It’s not hard to apply. Applicants can give their best idea for the arts in just 150 words.
“We don’t want the idea of applying for philanthropic support to be intimidating,” Scholl said.
Here is a look at some of last year’s winning ideas:
Street performers bring downtown to life
Over the next couple of months, look out for fun pop-up performances in public places in downtown Miami.
Justin Trieger and Amy San Pedro, co-founders of Buskerfest Miami, an annual street performance festival that takes place in downtown Miami, wanted to have more performing arts activities in downtown throughout the year. They came up with an idea for a pop-up street performance series called Ears to the Ground. The Knight Foundation awarded Buskerfest Miami with $10,000 for the project.
“What’s crucial to a vibrant and thriving urban environment is a walkable and engaging street experience,” Trieger said. “The festival and performing arts series are designed to foster cultural street performance.”

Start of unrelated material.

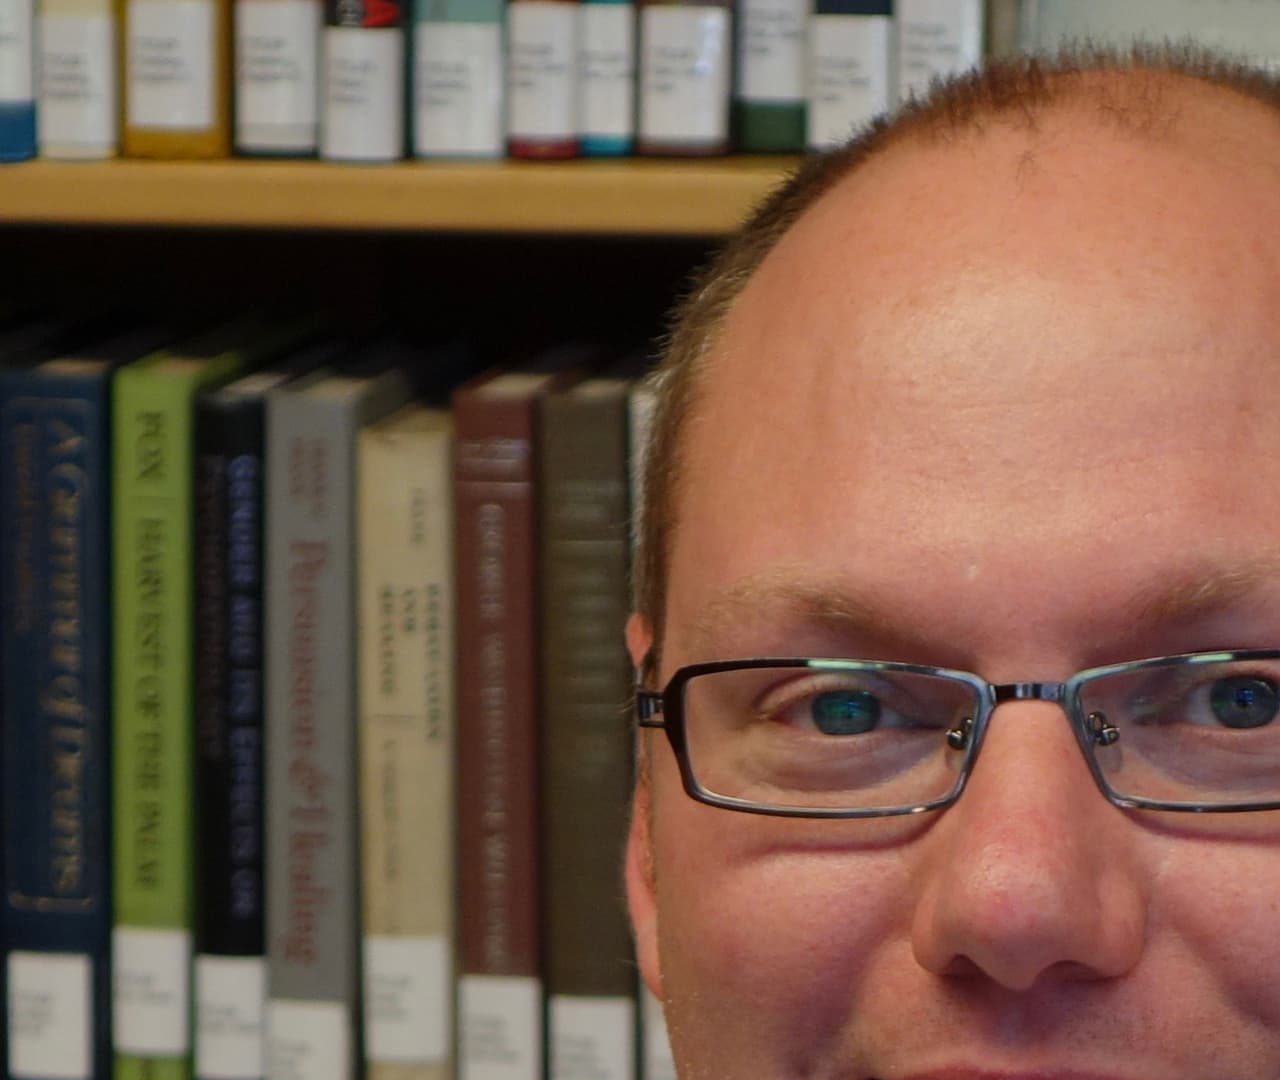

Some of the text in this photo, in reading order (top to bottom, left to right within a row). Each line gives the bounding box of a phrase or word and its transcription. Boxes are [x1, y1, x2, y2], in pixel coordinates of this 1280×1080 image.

The two are looking for the performing artists who’ll be bringing downtown streets to life. They’re also working on designating locations for the performances.
“An important aspect of this is to give a platform to local performers so they can get experience, start making their name in a small way and help them lose their nerve,” San Pedro said. “It breaks down walls and puts performers and the audience in a closer area where they can engage with each other.”
For San Pedro, Ears to the Ground is also an opportunity to give Miami artists, whether they’re well-known or not, an opportunity to perform.
“There are all these different pockets of neighborhoods that have talented people, but the events they participate in sometimes don’t have much reach,” Trieger said.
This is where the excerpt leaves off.